Sunday, July 08, 2012

Regrets

From Bronnie Ware’s blog:
Regrets of the dying:

For many years I worked in palliative care. My patients were those who had gone home to die. I was with them for the last three to twelve weeks of their lives.

When questioned about any regrets they had or anything they would do differently, common themes surfaced again and again. Here are the most common five:

1. I wish I'd had the courage to live a life true to myself, not the life others expected of me.

This was the most common regret of all. When people realise that their life is almost over and look back clearly on it, it is easy to see how many dreams have gone unfulfilled. Most people had not honoured even a half of their dreams and had to die knowing that it was due to choices they had made, or not made.

2. I wish I didn't work so hard.

This came from every male patient that I nursed. They missed their children's youth and their partner's companionship. Women also spoke of this regret. But as most were from an older generation, many of the female patients had not been breadwinners. All of the men I nursed deeply regretted spending so much of their lives on the treadmill of a work existence.

3. I wish I'd had the courage to express my feelings.

Many people suppressed their feelings in order to keep peace with others. Many developed illnesses relating to the bitterness and resentment they carried as a result. When you change the way you are by speaking honestly, it raises the relationship to a new level. Or it releases the unhealthy relationship from your life. Either way, you win.

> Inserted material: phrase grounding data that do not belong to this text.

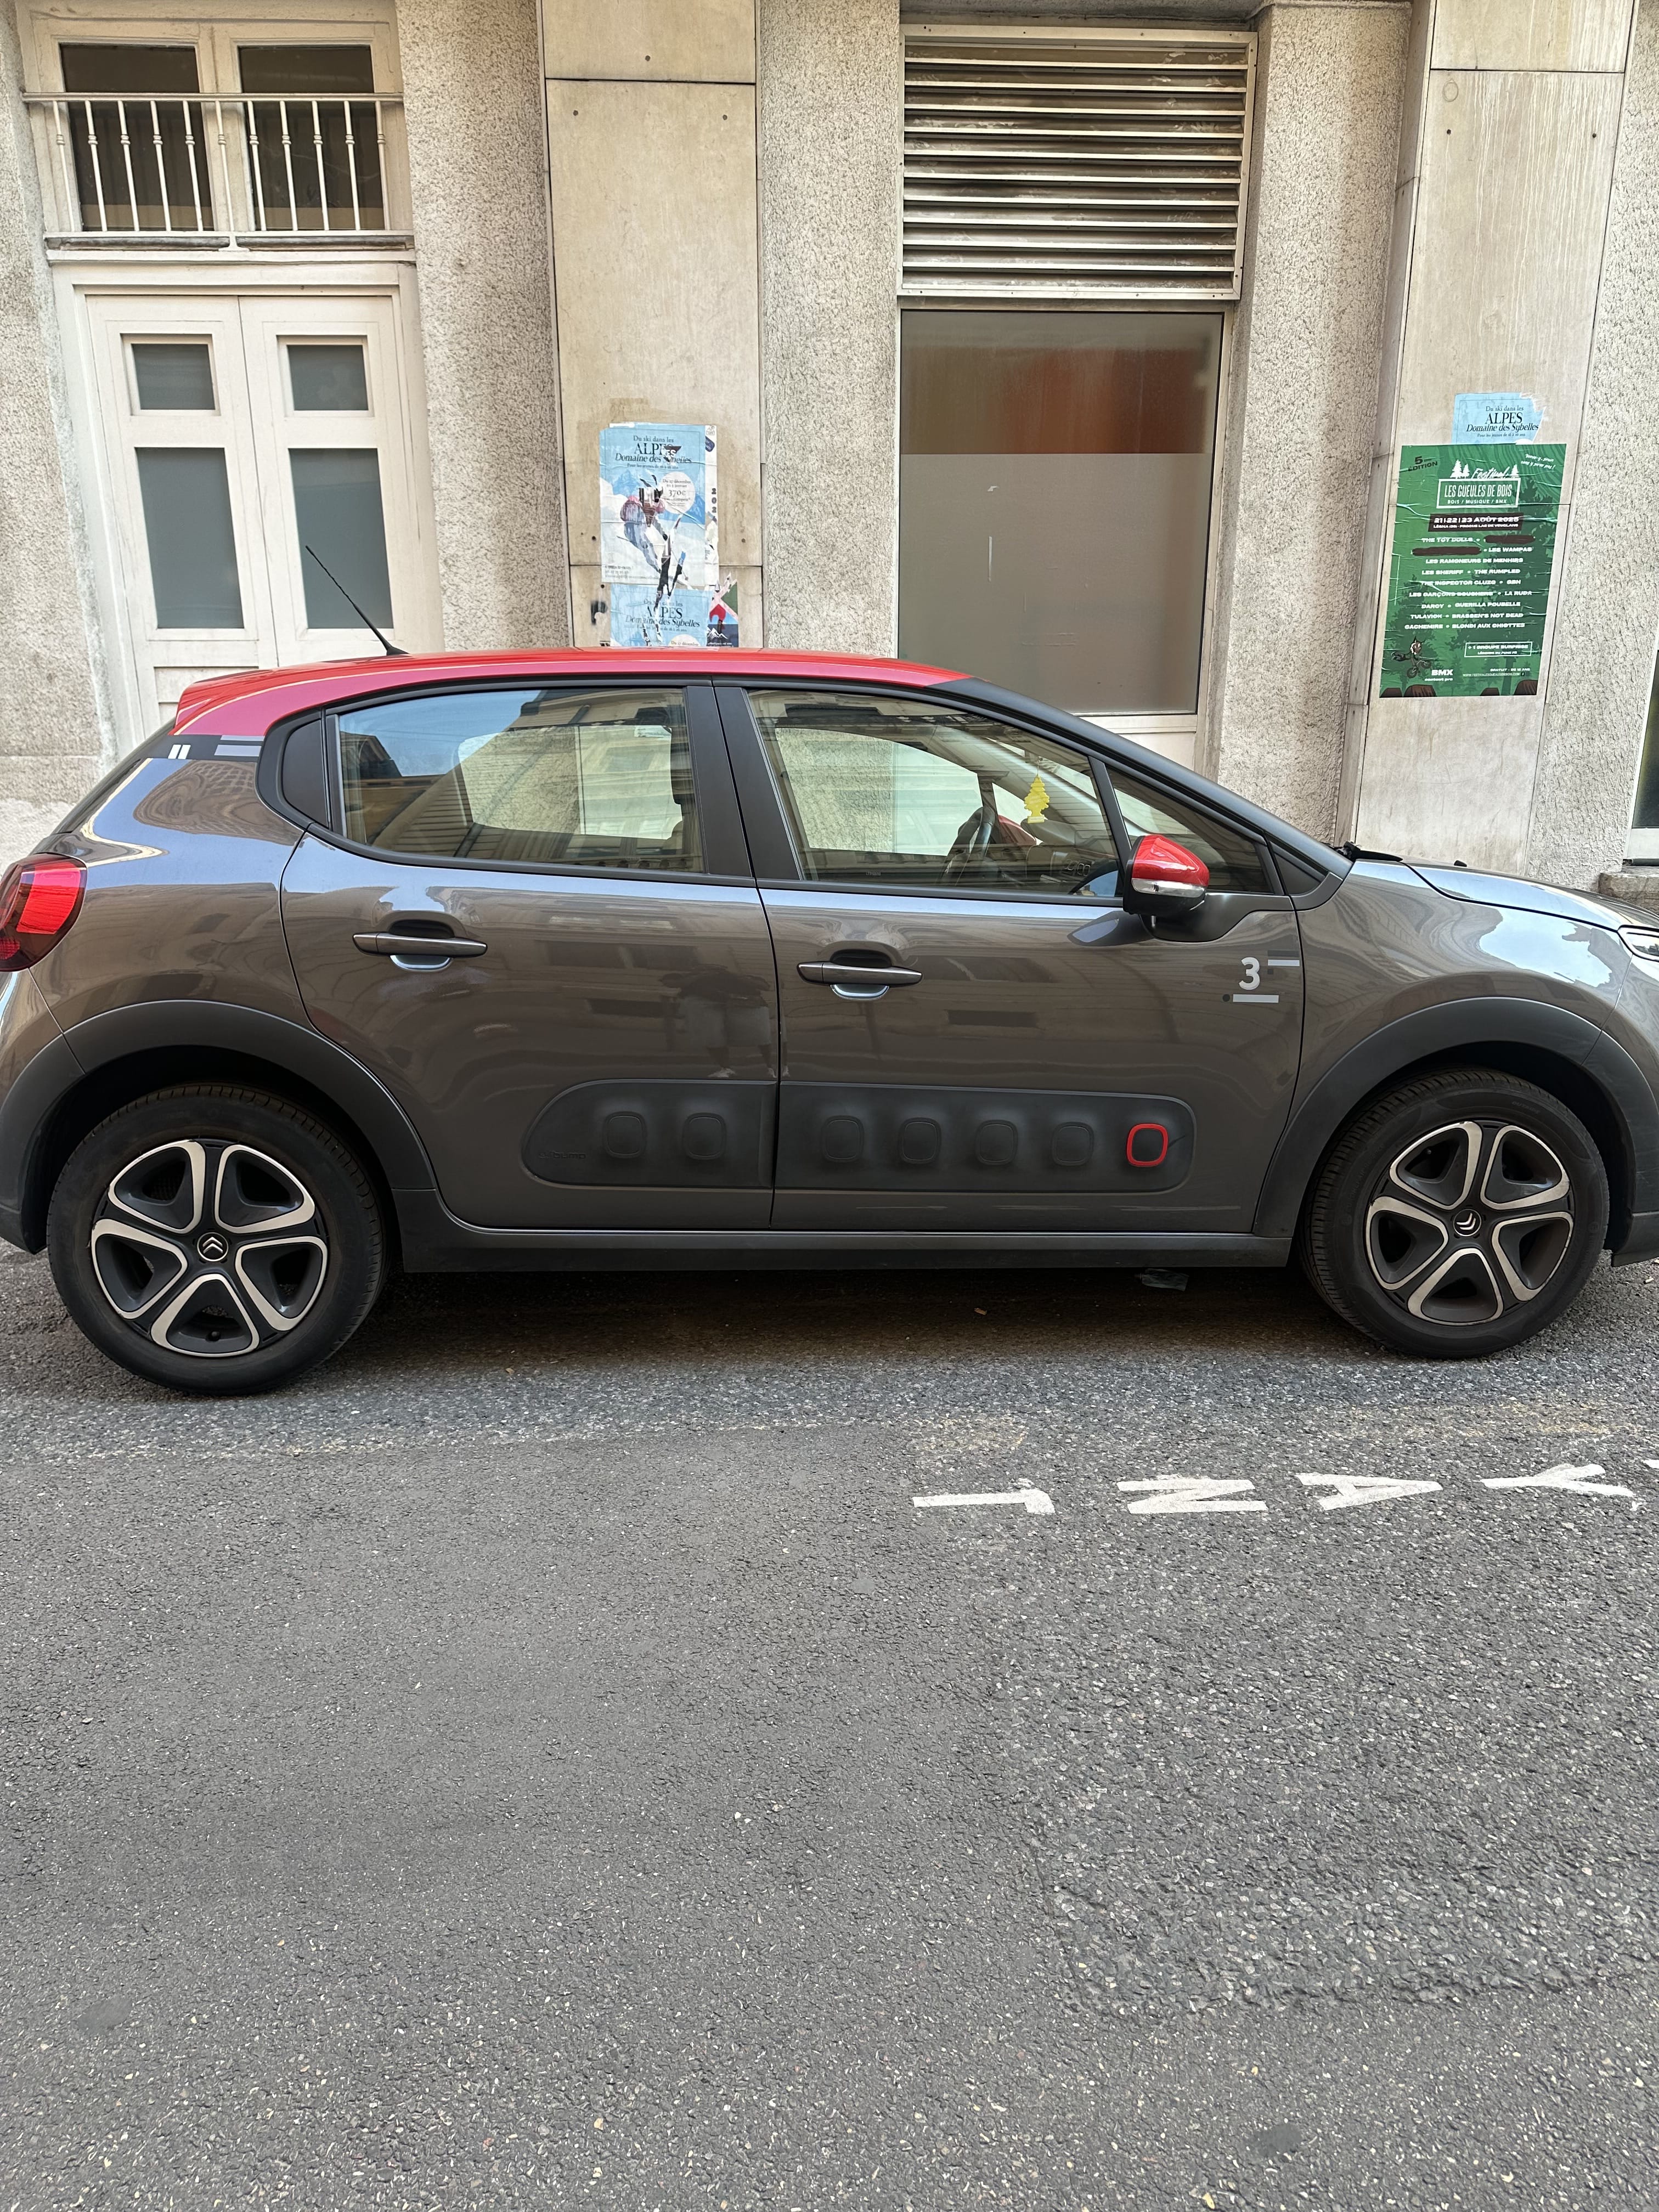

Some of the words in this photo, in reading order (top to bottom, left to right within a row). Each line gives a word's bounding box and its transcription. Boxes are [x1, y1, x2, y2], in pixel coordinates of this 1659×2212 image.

[1485, 412, 1523, 424] ALPES
[1511, 423, 1539, 432] Sybelles
[634, 443, 673, 455] ALP
[615, 453, 648, 462] Domaine
[649, 454, 662, 462] des
[1408, 461, 1438, 472] ÉDITION
[1444, 484, 1456, 498] LES
[1457, 484, 1486, 498] GUEULES
[1487, 484, 1496, 497] DE
[1497, 484, 1513, 497] BOIS
[672, 618, 701, 628] Sybelles
[1239, 957, 1260, 990] 3
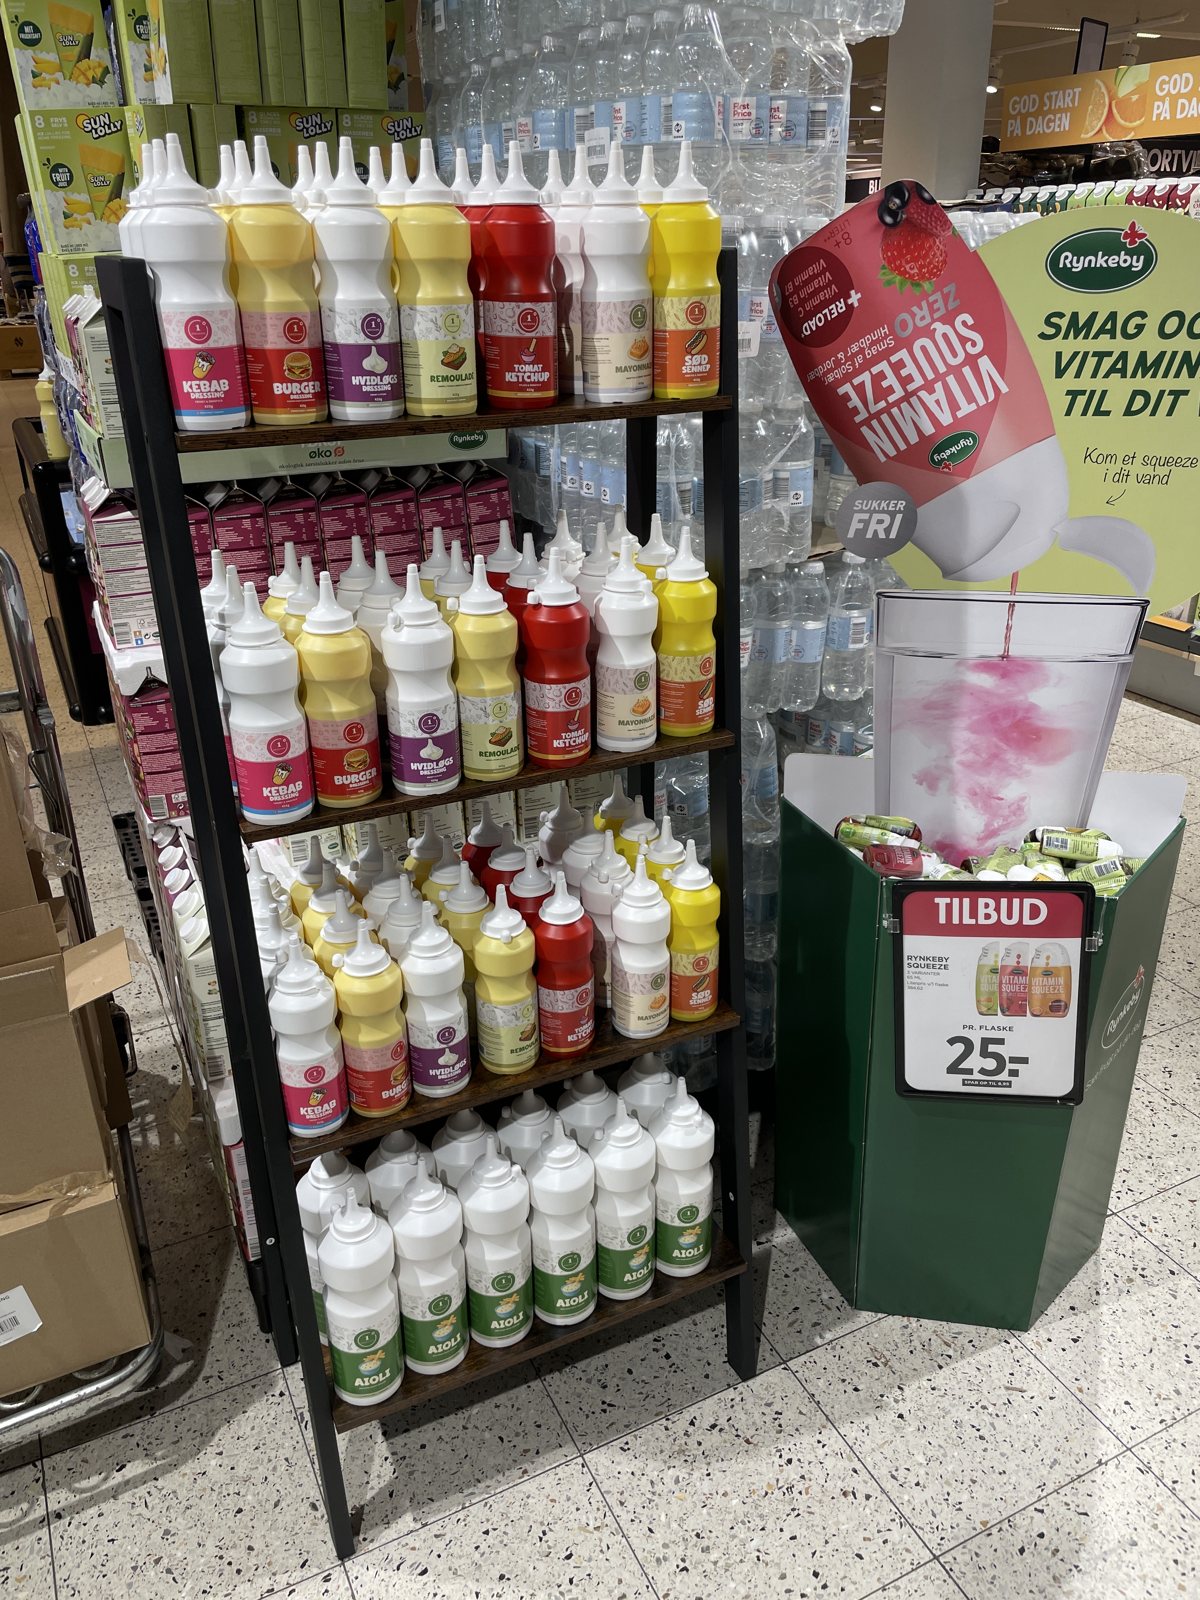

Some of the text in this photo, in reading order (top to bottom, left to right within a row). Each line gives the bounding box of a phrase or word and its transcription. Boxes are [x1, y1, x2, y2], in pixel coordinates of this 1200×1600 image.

[59, 34, 74, 42] SUN
[1155, 72, 1194, 97] GOD
[1009, 87, 1082, 116] GOD START
[1152, 98, 1171, 122] PÅ
[35, 115, 45, 128] 8
[83, 113, 110, 132] SUN
[249, 111, 257, 124] 8
[296, 113, 321, 131] SUN
[343, 114, 351, 127] 8
[387, 117, 412, 134] SUN
[1007, 113, 1071, 138] PÅ DAGEN
[92, 120, 122, 139] LOLLY
[303, 121, 333, 138] LOLLY
[394, 125, 422, 141] LOLLY
[52, 173, 71, 182] FRUIT
[1058, 251, 1145, 272] Rynkeby
[69, 264, 79, 277] 8
[784, 258, 827, 295] Vitamin B7
[787, 271, 833, 308] Vitamin B3
[797, 284, 839, 318] Vitamin C
[893, 282, 961, 338] ZERO
[1037, 310, 1149, 341] SMAG
[684, 354, 709, 366] SØD
[806, 324, 890, 382] Hindbær & Jordbær
[821, 335, 895, 386] Smag af Solbær,
[513, 364, 543, 372] TOMAT
[682, 364, 711, 374] SENNEP
[837, 312, 984, 424] SQUEEZE
[352, 374, 398, 385] HVIDLØGS
[505, 372, 550, 382] KETCHUP
[182, 380, 230, 393] KEBAB
[273, 381, 321, 395] BURGER
[362, 384, 392, 392] DRESSING
[190, 391, 225, 400] DRESSING
[1064, 389, 1190, 417] TIL DIT
[860, 355, 1010, 464] VITAMIN
[453, 433, 484, 444] Rynkeby
[308, 447, 332, 459] øko
[933, 437, 974, 462] Rynkeby
[1083, 447, 1199, 473] Kom et squeeze
[1103, 467, 1172, 486] i dit vand
[853, 500, 907, 511] SUKKER
[847, 513, 903, 539] FRI
[561, 728, 586, 739] TOMAT
[410, 757, 454, 771] HVIDLØGS
[334, 768, 378, 786] BURGER
[262, 781, 303, 798] KEBAB
[934, 897, 1048, 926] TILBUD
[906, 954, 950, 963] RYNKEBY
[906, 962, 950, 970] SQUEEZE
[1001, 976, 1028, 984] VITAMI
[1001, 984, 1028, 992] SQUEEZ
[1031, 977, 1064, 985] VITAMIN
[691, 989, 711, 1000] SØD
[1031, 985, 1065, 994] SQUEEZE
[429, 1058, 467, 1076] HVIDLØGS
[300, 1099, 337, 1116] KEBAB
[672, 1244, 704, 1258] AIOLI
[623, 1261, 652, 1283] AIOLI
[556, 1290, 589, 1308] AIOLI
[490, 1311, 525, 1329] AIOLI
[428, 1332, 461, 1355] AIOLI
[354, 1368, 391, 1387] AIOLI
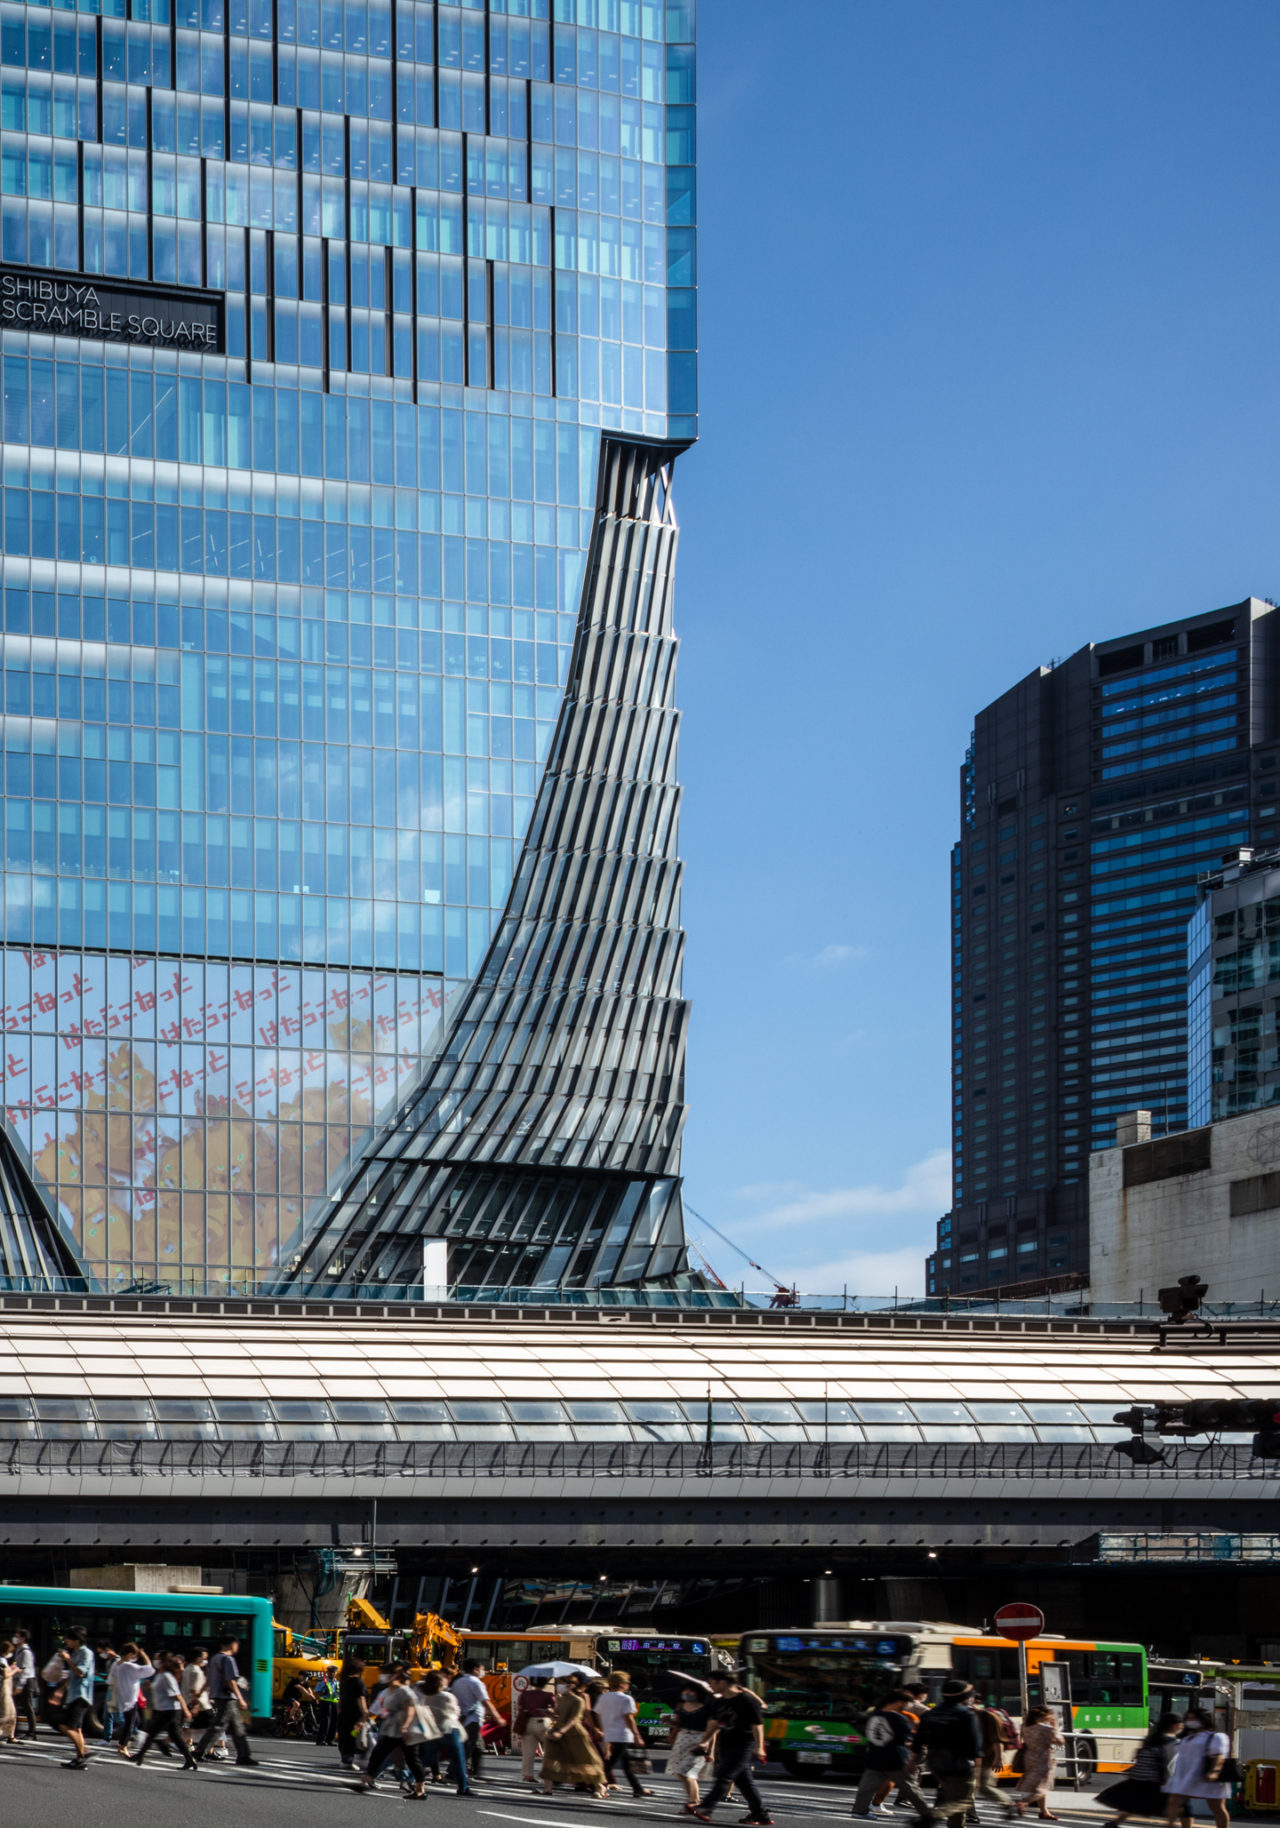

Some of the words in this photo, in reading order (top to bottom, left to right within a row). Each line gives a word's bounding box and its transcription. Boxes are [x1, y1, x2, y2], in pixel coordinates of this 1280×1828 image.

[2, 276, 100, 306] SHIBUYA
[2, 299, 121, 333] SCRAMBLE
[128, 315, 216, 344] SQUARE

4. I wish I had stayed in touch with my friends.

Many had become so caught up in their own lives that they had let friendships slip by over the years. There were many deep regrets about not giving friendships the time and effort that they deserved. Everyone misses their friends when they are dying.

5. I wish that I had let myself be happier.

Many did not realise until the end that happiness is a choice. They had stayed stuck in old patterns and habits. The so-called 'comfort' of familiarity overflowed into their emotions, as well as their physical lives. Fear of change had them pretending to others, and to their selves, that they were content. When deep within, they longed to laugh properly and have silliness in their life again. When you are on your deathbed, what others think of you is a long way from your mind.